Man laying in bed on back with mouth open
Nicole S. Young / iStock

What Is Snoring?

Snoring is quite simply the sound produced during sleep by the vibration of the soft tissues in the upper airway, including the nose and throat. It typically happens when a breath is drawn in, but may also occur when breathing out.

Snoring occurs occasionally in nearly everyone, yet many people snore chronically. In people 30 to 60 years old, 44% of men and 28% of women habitually snore. Women are more likely to snore after menopause.


When snoring is present, it suggests that the nose or throat may be partially obstructed during sleep. This obstruction leads to difficulties moving air. As a result, the air moves turbulently through the airway, which is what causes the vibration and sound of snoring.

If the airway becomes completely blocked, the result is obstructive sleep apnea. Even partial obstructions may lead to hypopnea or upper airway resistance syndrome (UARS), which are milder forms of sleep apnea.

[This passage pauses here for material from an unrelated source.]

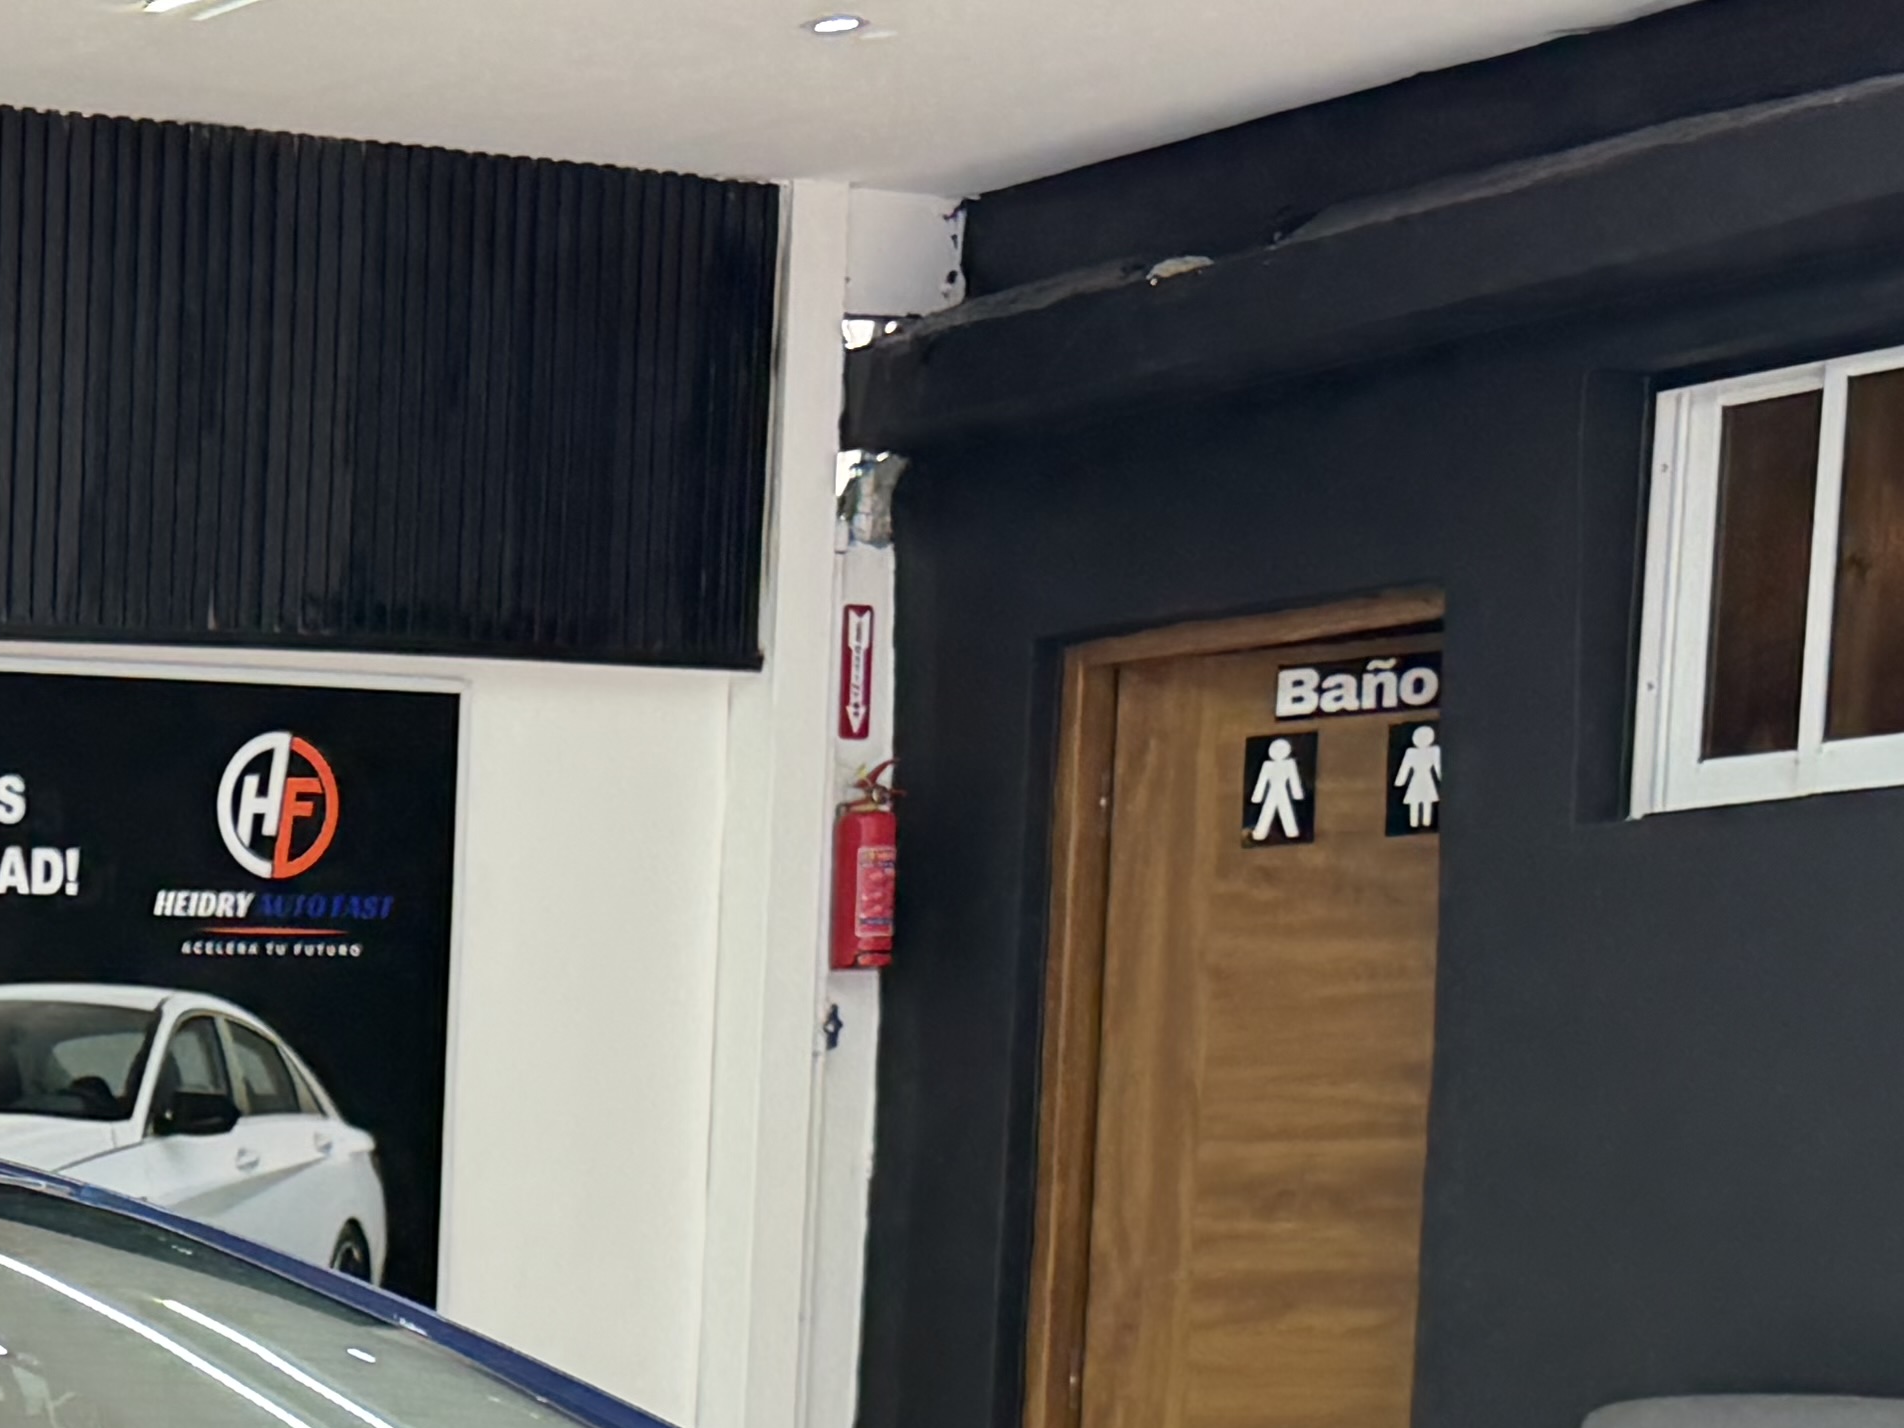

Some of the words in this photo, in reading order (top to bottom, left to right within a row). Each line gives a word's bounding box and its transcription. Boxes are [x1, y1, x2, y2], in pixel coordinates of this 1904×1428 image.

[1275, 658, 1439, 718] Baño
[153, 888, 256, 918] HEIDRY
[265, 941, 288, 956] TU

Snoring is associated with other common conditions, including:

  • Obesity
  • Nasal congestion (allergies and colds)
  • Hypothyroidism
  • Acromegaly (a disorder in which the body produces too much growth hormone)
  • Enlarged tonsils or adenoids
  • Abnormal facial development
  • Obstructive lung disease (sometimes seen with snoring during expiration or exhaling)

Alcohol is a muscle relaxant that can make snoring worse. In addition, medications that relax muscles (including benzodiazepines used as sleep aids and for anxiety) may have a similar impact.

The Consequences of Snoring

Mild snoring may have little effect on the quality of your sleep. However, as the airway becomes more obstructed, the effort to breathe likewise increases. If breathing is compromised, oxygen levels in the blood will drop. This may lead to temporary arousals and, therefore, disrupted sleep.

Snoring has been found to increase the risk of narrowing of the blood vessels within the neck, a phenomenon called carotid atherosclerosis. In a study of 110 patients, the total sleep time spent snoring, the higher the risk of narrowing. It is thought that direct vibratory damage of the carotid arteries within the neck may lead to increased plaque formation within these blood vessels.

A study published in the journal Sleep in 2016 found that snorers had a reduction in telomere length—a marker of cellular aging and inflammation.

Perhaps the biggest problem with snoring (especially when it is loud) is the disruption of the sleep of others, including your bed partner. This may require special sleep arrangements, such as sleeping in the guest bedroom or on the couch.

Evaluation and Treatment

Snoring may not necessarily raise any concerns. There are some situations where it should be further evaluated, however. As it is associated with other conditions, these may need to be ruled out to ensure that no other health consequences occur.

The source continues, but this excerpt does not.